These are not completely new ideas. Washington until 2011 did little to advocate for democracy, rule of law and human rights among its friends in the Middle East. The invasion of Iraq was the exception that proved the rule: Saddam Hussein was (no longer) a friend of the United States. The Bush Administration, in particular Vice President Cheney, actively sought a Sunni alliance against Iran, though the Israel connection was then less obvious.
These ideas do break with Obama Administration philosophy, which wasn’t always so clear in practice. Even while selling Saudi Arabia and the United Arab Emirates vast quantities of weapons, Obama wanted Iran and the Gulf states to “share” the region and expressed a preference for open societies, while reverting quickly, especially in Egypt, to support for autocracy. While Obama did not do much to challenge the Gulf state monarchies openly, the Saudis and others felt heat from him that they are glad to see dissipated.

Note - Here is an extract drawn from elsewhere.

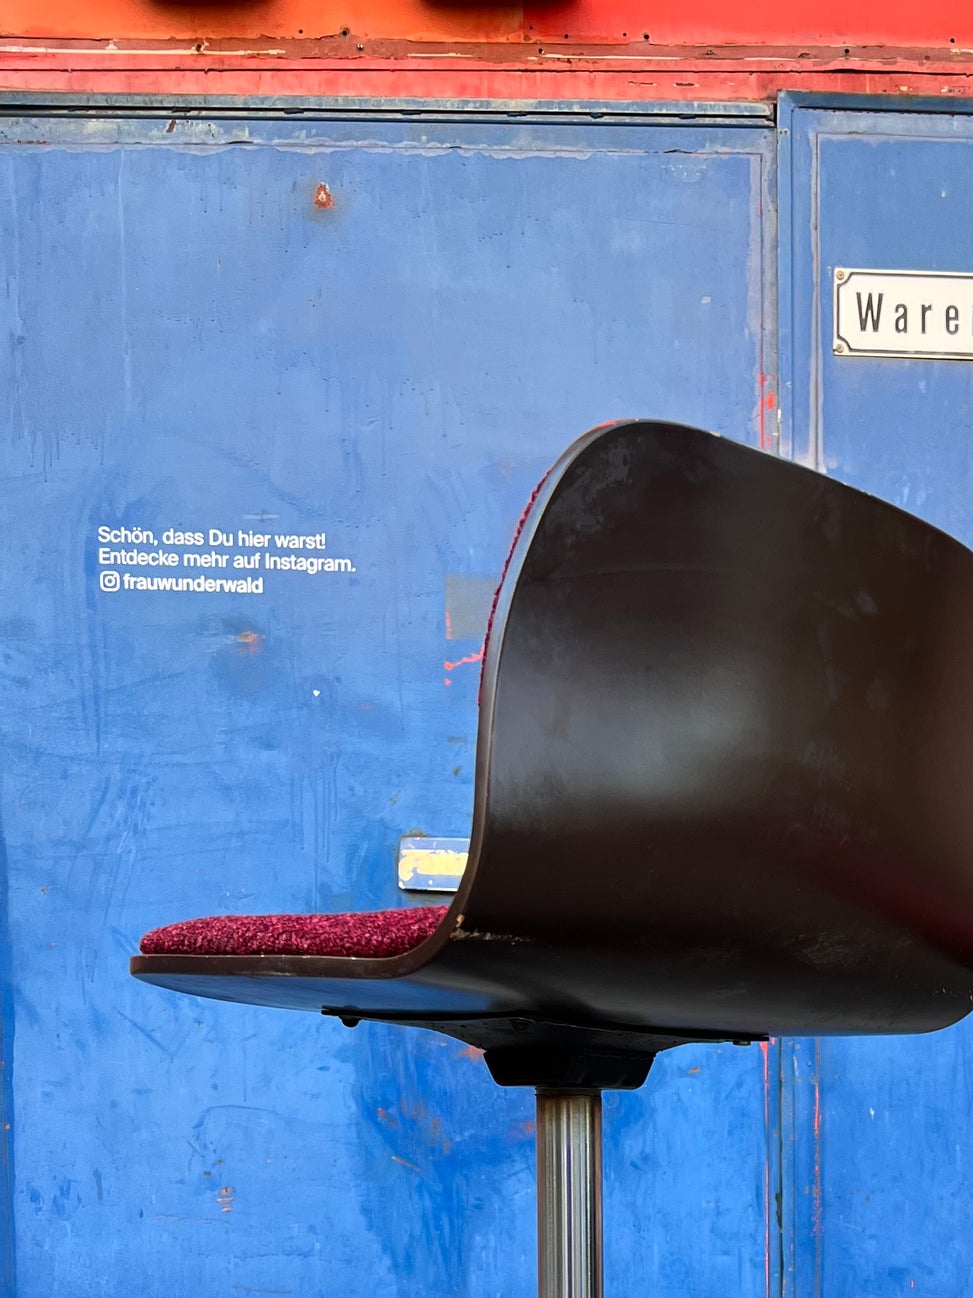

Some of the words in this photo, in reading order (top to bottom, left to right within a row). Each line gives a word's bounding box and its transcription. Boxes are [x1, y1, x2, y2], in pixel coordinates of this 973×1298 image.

Trump’s inconsistency, one might even say hypocrisy, is entirely welcome in the Gulf. While he denounced the Saudis during his campaign for failing to pay for US protection and for human rights abuses against gays and lesbians, those complaints were completely forgotten in his visit to Riyadh, as was his criticism of Obama for “bowing” to the Saudi king in accepting a decoration (something Trump did as well). Demands for payment for US military protection have been conveniently converted to Saudi purchases of US military equipment, something Obama also pushed, to even higher levels than Trump has managed so far.
The anti-Iran alliance is likely to be the most immediately relevant of Trump’s ambitions. The trouble is the Iranians are well-prepared for it. They have assembled an impressive array of unconventional military means to counter the Sunni Arabs and Israel economically and effectively. The American invasion of Iraq was particularly helpful to Tehran, since democracy there puts the Shia majority in charge, but Iran’s capabilities extend also to Syria and Lebanon, mainly through the use of well-trained militia surrogates, most importantly Hizbollah. Iran has also managed to float and fly a lot of unconventional capabilities in the Gulf, where harassment of US warships is common. The US Navy has a hard time dealing with small boats and drones.
Binding the Sunni Arabs and Israel together will depend on some sort of rapprochement on Palestinian issues. Prime Minister Netanyahu talked openly today about wanting to be able to fly to Riyadh, and rumors of civil aviation and communication cooperation with Sunni states have been circulating for more than a week. The problem is on the Israeli side: the Arabs will want concessions on Israeli settlements in the West Bank or other issues that Netanyahu’s right-wing coalition partners will not want to make. Trump is still touting his desire to make the “ultimate deal” between Israelis and Palestinians, but there is no real sign of an impending breakthrough.
As with most presidential speeches, we should note what was left out. Most notable was the absence of any idea of how the territory retaken from the Islamic State in Syria will be governed. In Iraq, Trump is continuing the Obama policy of support for Baghdad’s reassertion of authority over Sunni areas from which ISIS has been evicted. In Syria, the policy is far less clear and the need for one imminent, as Raqqa will likely fall within months (if not weeks) and Deir Azzour not long after. Will the US allow these eastern Syrian cities to be taken over by Iran-allied Bashar al Assad? Or will there be a real effort to support the Syrian opposition in governing there?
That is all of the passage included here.